WORK TO COMPLETE:
Could you please write out each line of the records exactly, minus the pictures?

Records from a data collection:
________

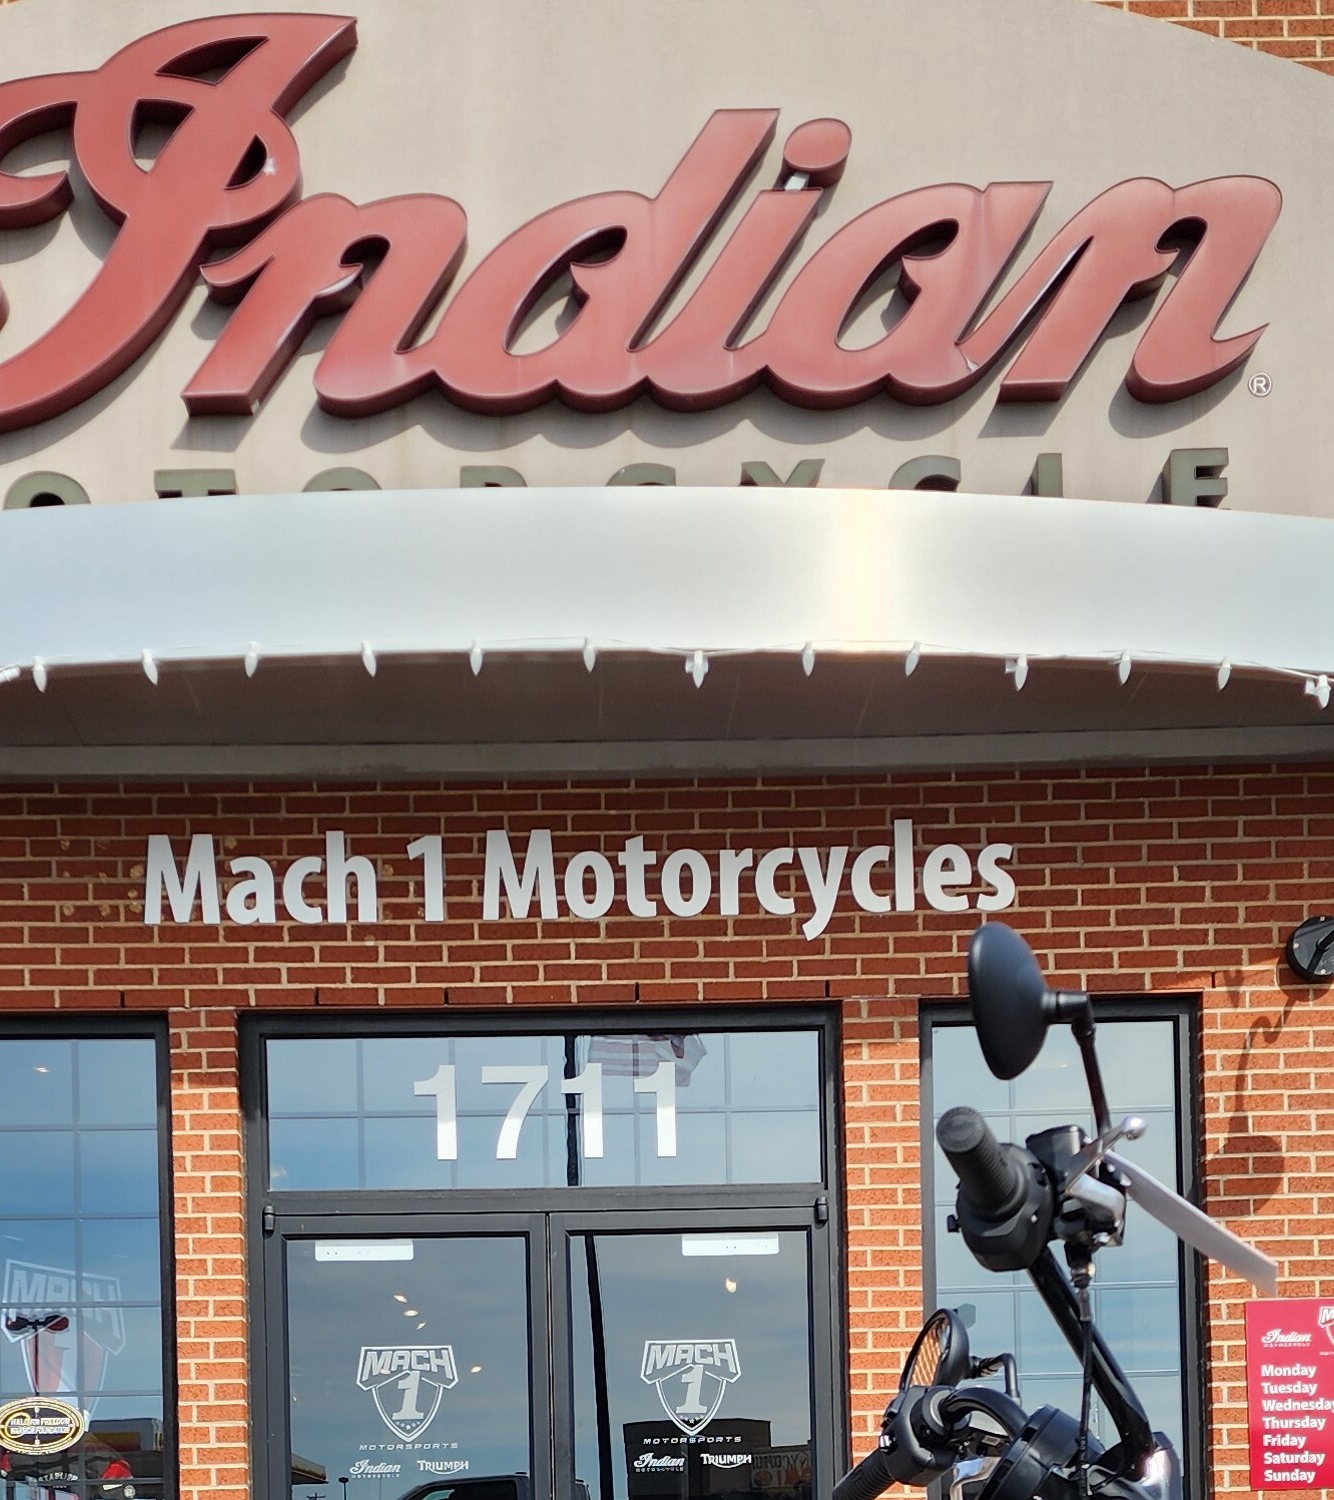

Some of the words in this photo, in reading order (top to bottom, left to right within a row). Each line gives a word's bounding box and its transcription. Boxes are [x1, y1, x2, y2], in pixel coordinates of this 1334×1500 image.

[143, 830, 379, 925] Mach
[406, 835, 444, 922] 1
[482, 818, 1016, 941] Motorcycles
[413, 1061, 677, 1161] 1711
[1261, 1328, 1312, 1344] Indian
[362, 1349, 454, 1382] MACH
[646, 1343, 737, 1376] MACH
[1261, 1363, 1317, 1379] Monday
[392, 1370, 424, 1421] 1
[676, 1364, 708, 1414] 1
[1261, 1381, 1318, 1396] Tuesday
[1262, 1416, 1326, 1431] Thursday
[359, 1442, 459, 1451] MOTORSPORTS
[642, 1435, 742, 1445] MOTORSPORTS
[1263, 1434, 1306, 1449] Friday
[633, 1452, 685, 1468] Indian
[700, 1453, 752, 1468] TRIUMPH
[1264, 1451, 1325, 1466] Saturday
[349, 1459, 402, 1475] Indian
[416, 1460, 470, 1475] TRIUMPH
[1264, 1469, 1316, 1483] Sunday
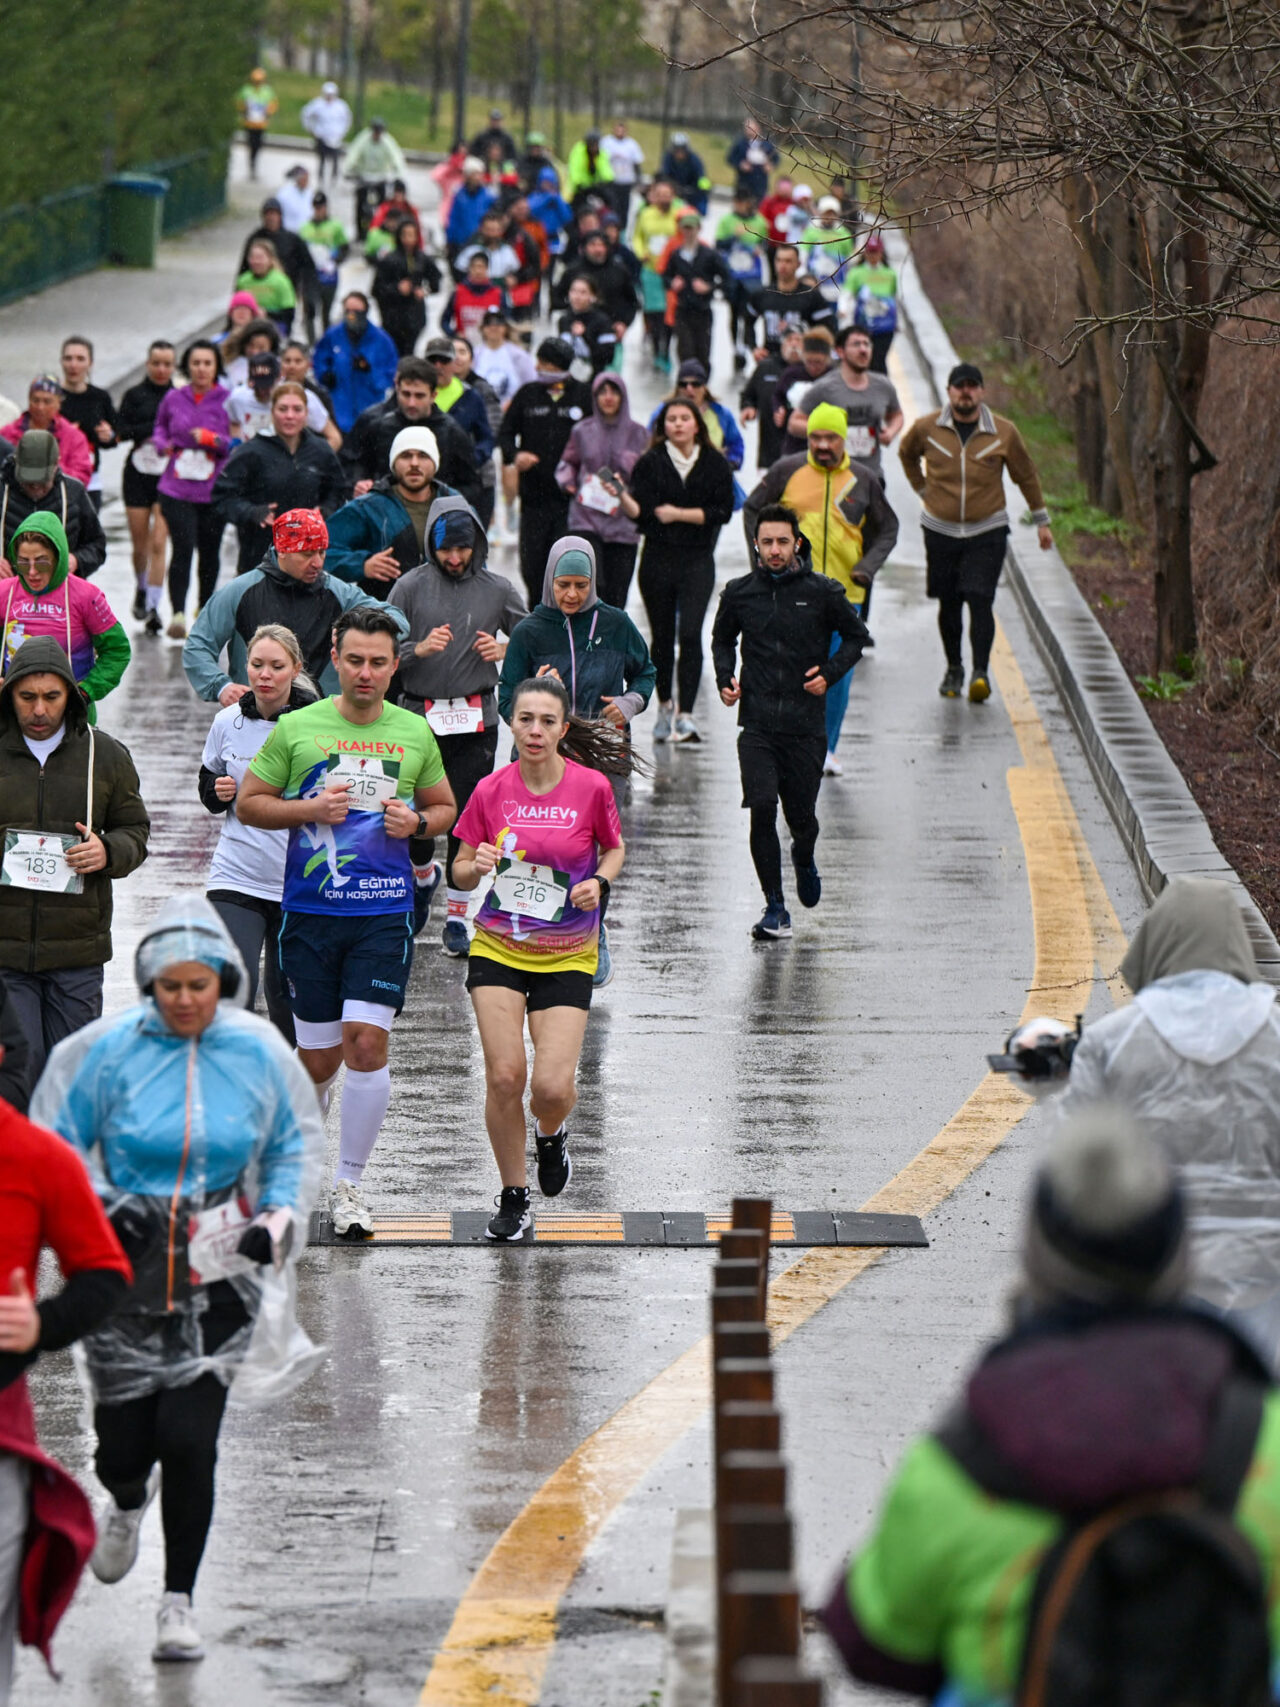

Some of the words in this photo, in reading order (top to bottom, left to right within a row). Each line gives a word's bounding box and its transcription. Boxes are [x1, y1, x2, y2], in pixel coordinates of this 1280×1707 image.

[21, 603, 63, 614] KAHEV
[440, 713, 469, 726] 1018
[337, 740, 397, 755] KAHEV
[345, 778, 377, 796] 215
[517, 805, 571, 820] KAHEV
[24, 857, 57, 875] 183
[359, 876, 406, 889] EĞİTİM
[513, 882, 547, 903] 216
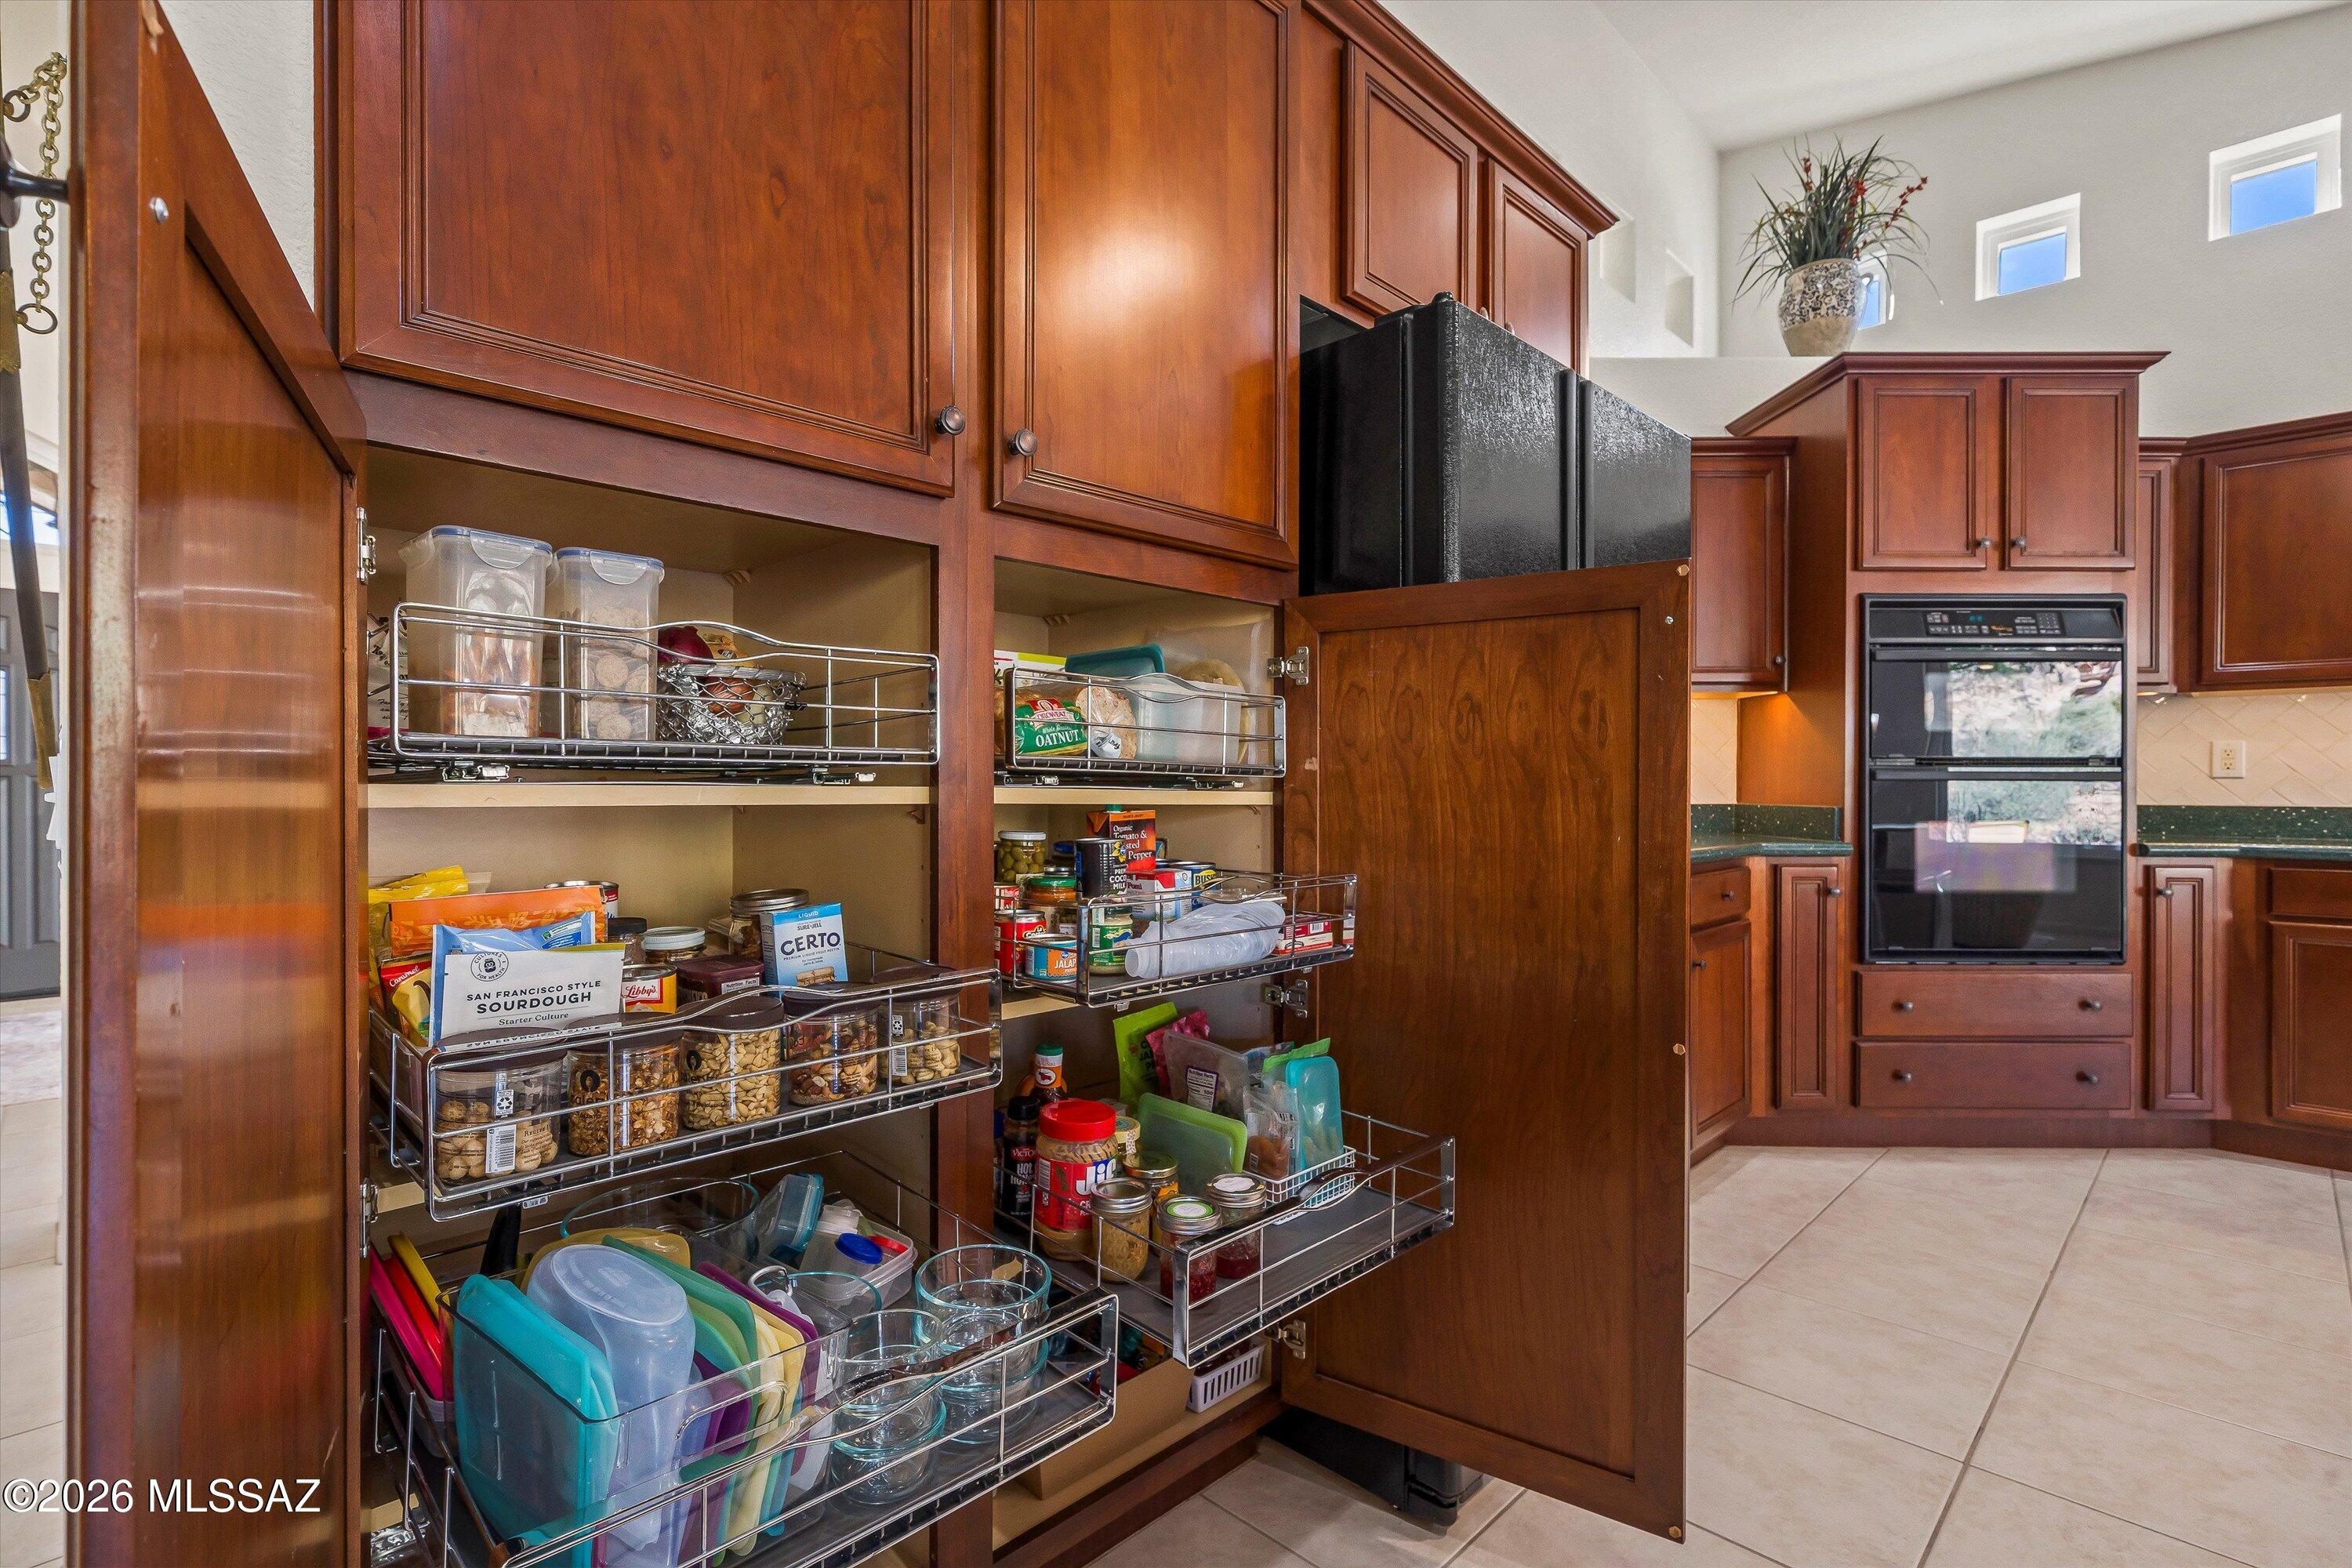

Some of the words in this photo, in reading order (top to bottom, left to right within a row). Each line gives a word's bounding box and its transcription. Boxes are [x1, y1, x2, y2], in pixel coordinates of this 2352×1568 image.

________

RESPONSE TO THIS TASK:
Some of the words in this photo, in reading order (top to bottom, left to right within a row). Each line gives a word's bounding box and its transcription. Boxes are [x1, y1, x2, y2], in pixel coordinates of this 1334×1500 image.

[143, 830, 379, 925] Mach
[406, 835, 444, 922] 1
[482, 818, 1016, 941] Motorcycles
[413, 1061, 677, 1161] 1711
[1261, 1328, 1312, 1344] Indian
[362, 1349, 454, 1382] MACH
[646, 1343, 737, 1376] MACH
[1261, 1363, 1317, 1379] Monday
[392, 1370, 424, 1421] 1
[676, 1364, 708, 1414] 1
[1261, 1381, 1318, 1396] Tuesday
[1262, 1416, 1326, 1431] Thursday
[359, 1442, 459, 1451] MOTORSPORTS
[642, 1435, 742, 1445] MOTORSPORTS
[1263, 1434, 1306, 1449] Friday
[633, 1452, 685, 1468] Indian
[700, 1453, 752, 1468] TRIUMPH
[1264, 1451, 1325, 1466] Saturday
[349, 1459, 402, 1475] Indian
[416, 1460, 470, 1475] TRIUMPH
[1264, 1469, 1316, 1483] Sunday

Some of the words in this photo, in reading order (top to bottom, left to right within a row). Each line gives a word's bounding box and its transcription. Boxes are [x1, y1, x2, y2], in pixel coordinates of this 1280×1707 image.

[21, 603, 63, 614] KAHEV
[440, 713, 469, 726] 1018
[337, 740, 397, 755] KAHEV
[345, 778, 377, 796] 215
[517, 805, 571, 820] KAHEV
[24, 857, 57, 875] 183
[359, 876, 406, 889] EĞİTİM
[513, 882, 547, 903] 216

Some of the words in this photo, in reading order (top to bottom, left to right within a row). Each line gives a word's bounding box and its transcription. Boxes are [x1, y1, x2, y2], in pixel coordinates of this 2352×1568 image.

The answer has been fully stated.